YOUR ASSIGNMENT
Copy each line below exactly as it appears. Pictures are to be omitted.

::: SUPPLIED DATA :::

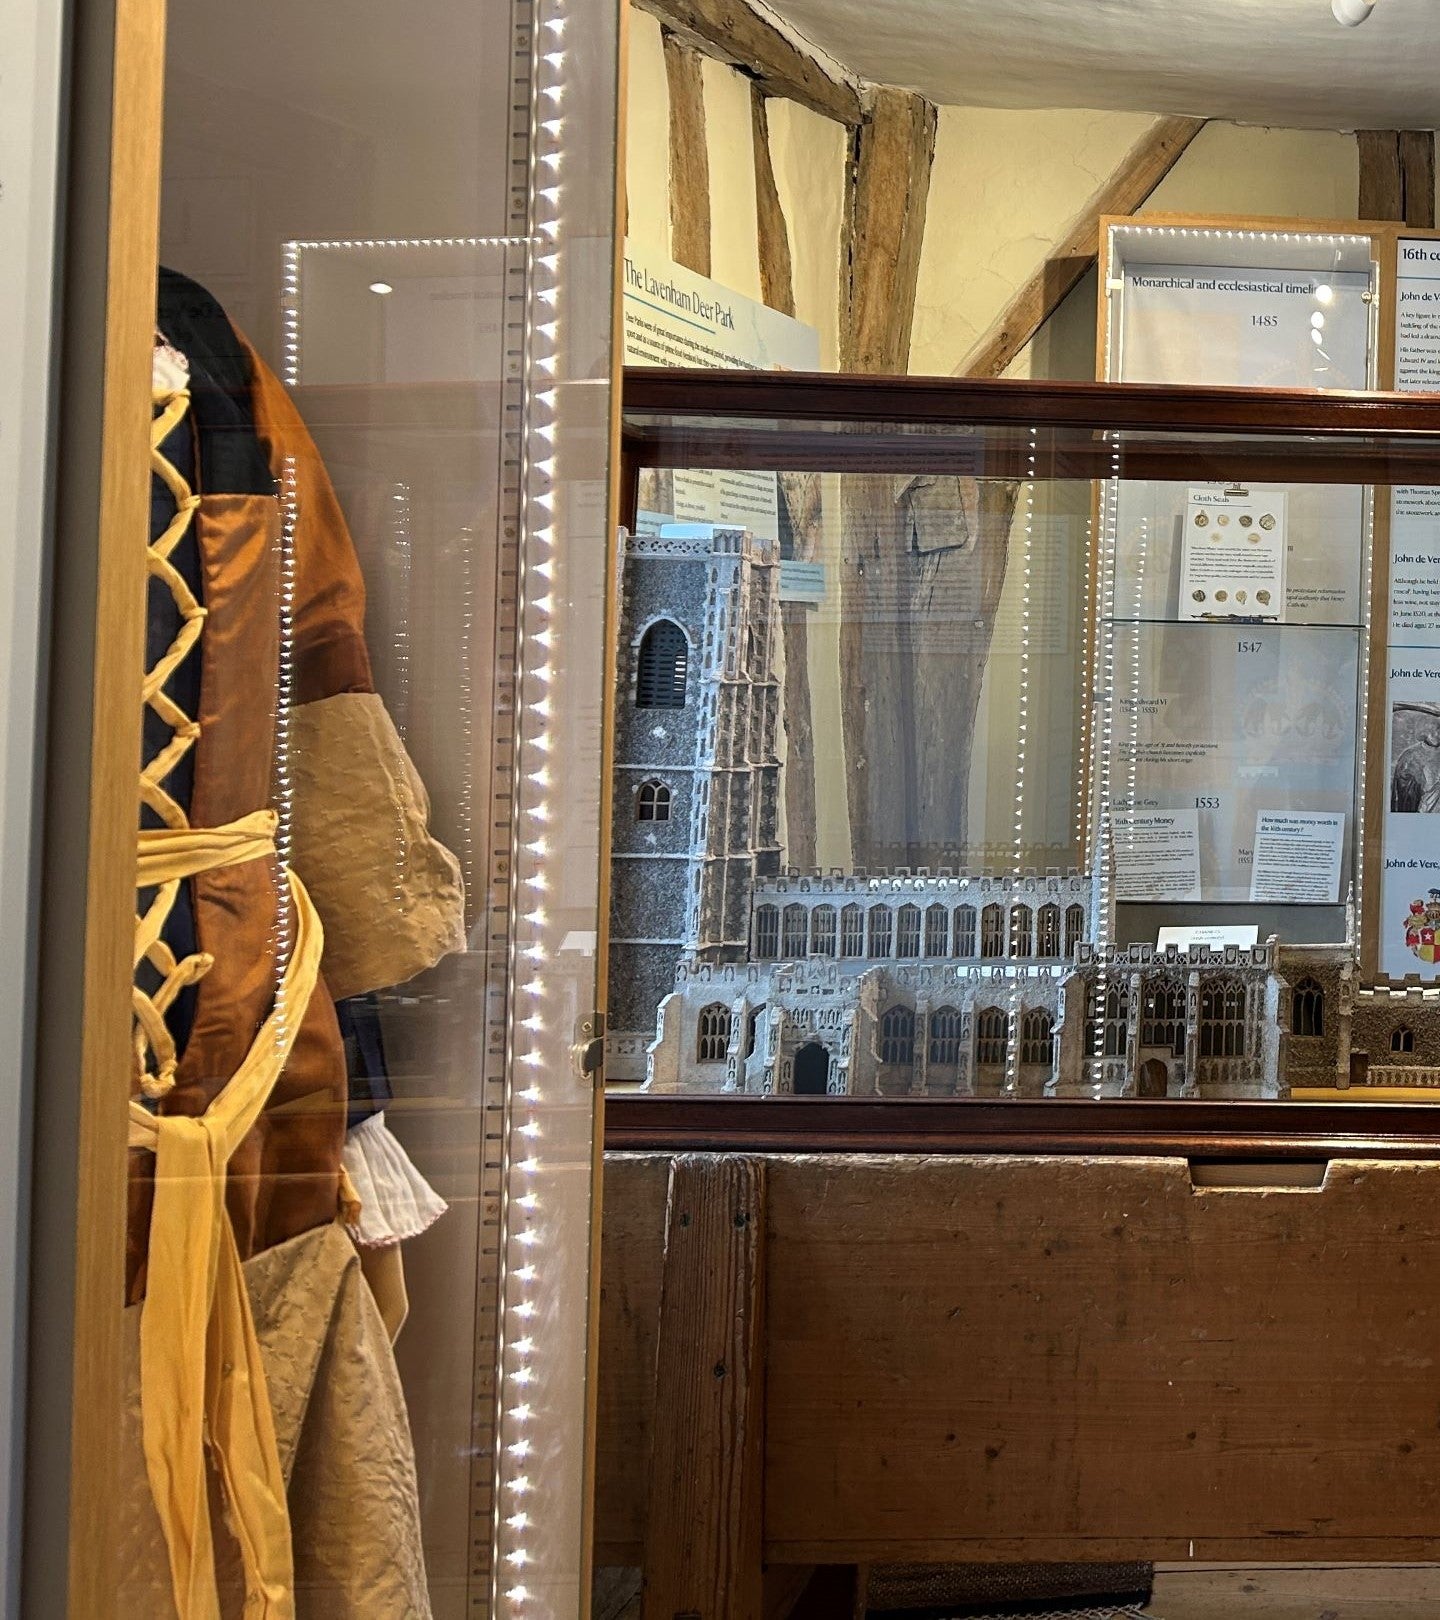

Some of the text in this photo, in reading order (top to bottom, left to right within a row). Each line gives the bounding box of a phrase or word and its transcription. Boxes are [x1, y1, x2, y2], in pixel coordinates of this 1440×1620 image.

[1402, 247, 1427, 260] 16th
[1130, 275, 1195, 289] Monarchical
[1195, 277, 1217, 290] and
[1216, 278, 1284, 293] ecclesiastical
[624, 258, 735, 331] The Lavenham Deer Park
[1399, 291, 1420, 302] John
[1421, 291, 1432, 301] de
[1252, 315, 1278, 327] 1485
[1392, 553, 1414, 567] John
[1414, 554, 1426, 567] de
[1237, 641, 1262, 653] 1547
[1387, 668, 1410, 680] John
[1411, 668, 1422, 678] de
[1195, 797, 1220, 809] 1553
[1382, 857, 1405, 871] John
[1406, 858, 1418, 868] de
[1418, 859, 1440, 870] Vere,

:::

SOLUTION TO THIS TASK
Some of the text in this photo, in reading order (top to bottom, left to right within a row). Each line gives the bounding box of a phrase or word and its transcription. Boxes are [x1, y1, x2, y2], in pixel coordinates of this 1440×1620 image.

[1402, 247, 1427, 260] 16th
[1130, 275, 1195, 289] Monarchical
[1195, 277, 1217, 290] and
[1216, 278, 1284, 293] ecclesiastical
[624, 258, 735, 331] The Lavenham Deer Park
[1399, 291, 1420, 302] John
[1421, 291, 1432, 301] de
[1252, 315, 1278, 327] 1485
[1392, 553, 1414, 567] John
[1414, 554, 1426, 567] de
[1237, 641, 1262, 653] 1547
[1387, 668, 1410, 680] John
[1411, 668, 1422, 678] de
[1195, 797, 1220, 809] 1553
[1382, 857, 1405, 871] John
[1406, 858, 1418, 868] de
[1418, 859, 1440, 870] Vere,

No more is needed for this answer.